What Public Lands Mean to Me


It’s cold, the air around you has grown thin, and condensation provides a glistening view as a headlamp illuminates the start of the day. You hear the scuffle of your friend in another tent. Drowsiness, excitement and hope of what may be hiding on the leeward side of the horizon flood your mind. 

As you leave your nylon “homestead,” the sound of burning stoves adjoined with the smell of coffee give you a moment’s rest before the search is on. Fueled up, you tread to the outlook and find the best suited chair-like real estate, set up, and wait.

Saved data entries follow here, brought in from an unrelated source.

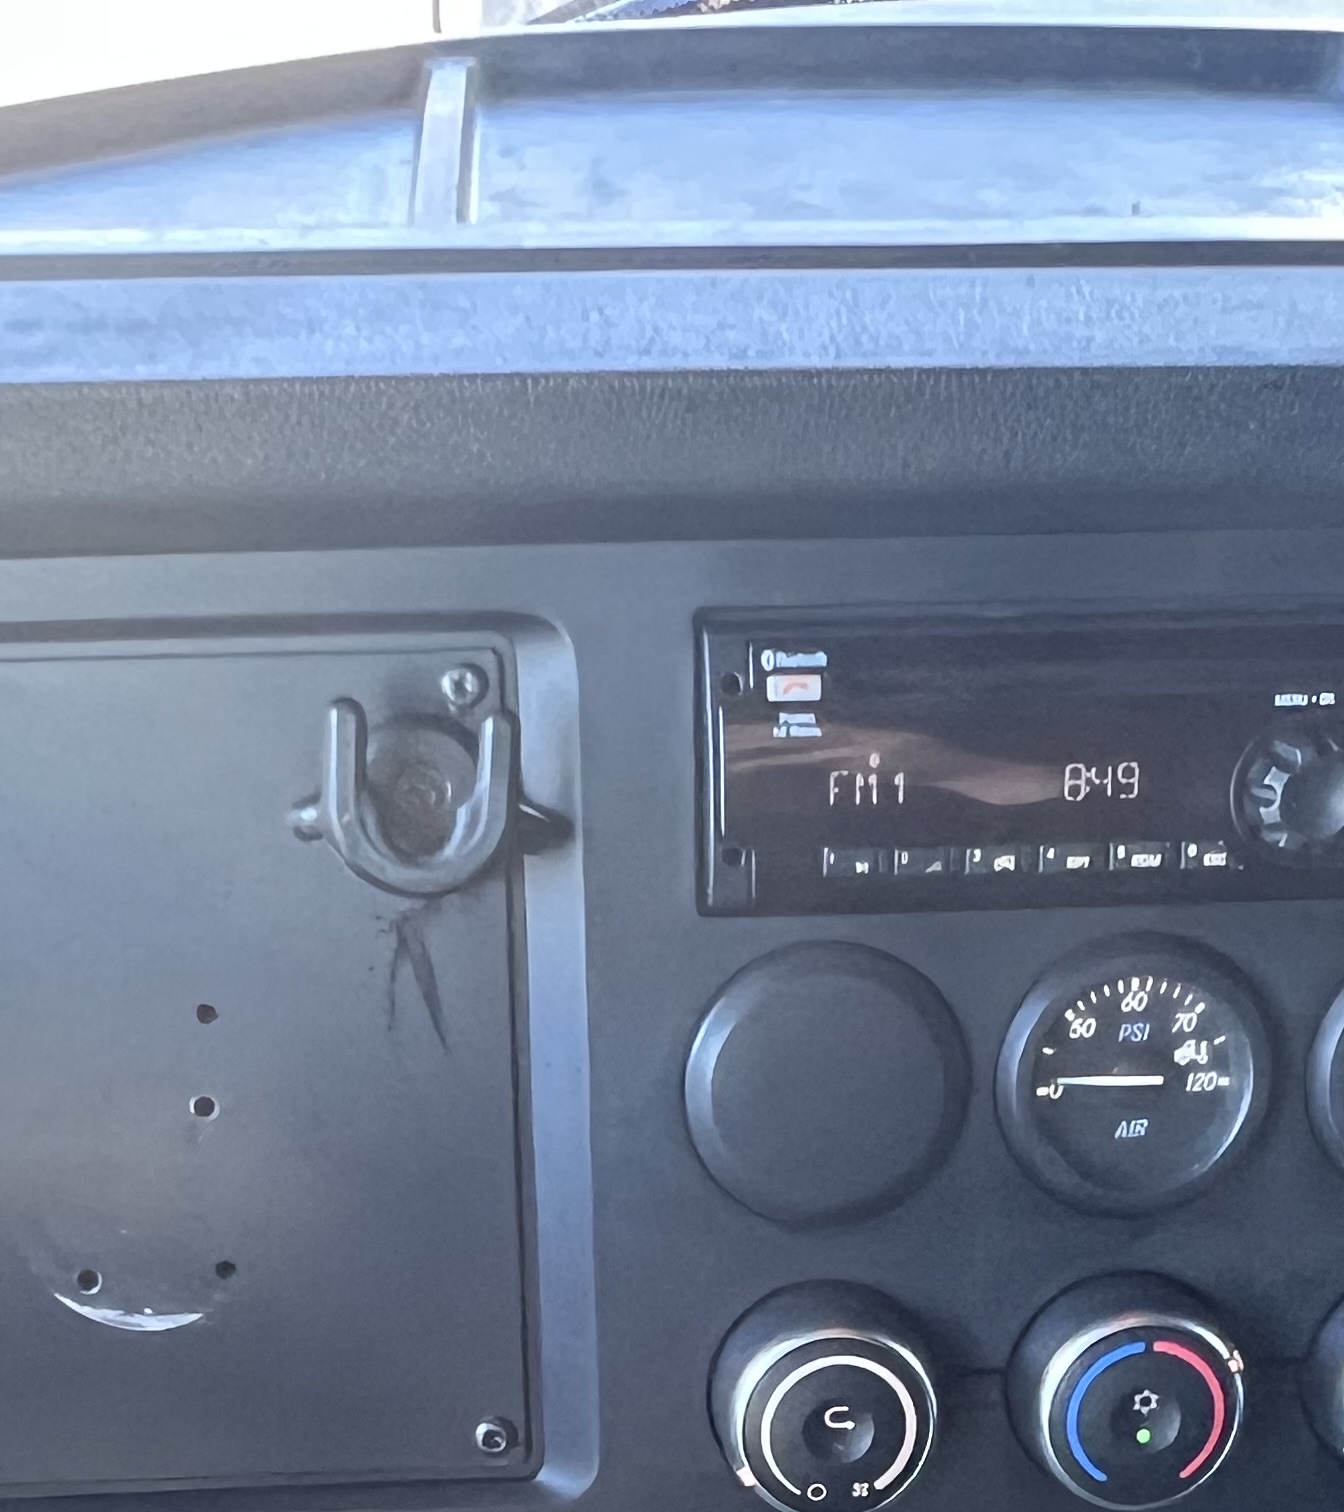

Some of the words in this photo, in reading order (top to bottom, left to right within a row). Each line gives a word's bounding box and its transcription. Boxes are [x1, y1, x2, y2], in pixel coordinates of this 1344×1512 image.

[1120, 991, 1149, 1013] 60
[1118, 1022, 1151, 1042] PSI
[1171, 1012, 1198, 1034] 70
[1185, 1071, 1218, 1092] 120
[1114, 1118, 1149, 1139] AIR

A once-dark landscape comes to life slowly. The sounds you heard while sleeping now have explanations. Trying to mimic a better predator than yourself, the search begins. Anticipation makes the time seem to slip away faster than in the speedy civilization you just left. Then the word comes … deer! A new sense of awareness and focus overwhelms your mind. The chase is on.

Those who have been in similar circumstances know what gives moments like these such great importance. It is a long and rich history of our forefathers, the way humankind grew over thousands of years, and now a pastime that is shared among those who still yearn for the wild. Hunting has been a part of our ancestors’ way of life. For us, it is a necessary thing to not stray into the rat race of civilization too quickly. It is for me a chance to learn, relax and take part in nature. It means being able to focus on something so much that you forget about a phone left on the dash of a truck, and the loud roar of tires rolling across a land once trampled on only by hoof and foot is a special thing.

After leaving the military with a short four years under my belt, I knew I would need something to keep me focused on the important things in my life. A rush back into school had me busy but still wanting the adventure, uncertainty and challenge that I left in the Air Force. I finally bought a bow and started to walk in areas I knew nothing about. Long story short, I learned about the habits of different animals, how to shoot straight, and how to hike… a lot. I had never known about public lands and their legacy. The more I found out about hunting and public lands the more my passion for them grew. A simultaneous accumulation of these things led to what’s now my favorite thing to do with my off time: fair chase hunting on America’s incredible public lands.


Matt Eischens is a student at Colorado State University where he serves as the president of the Colorado State BHA club. Before attending CSU, he served four years in the United States Air Force. He enjoys hunting Mule Deer in Colorado's high country.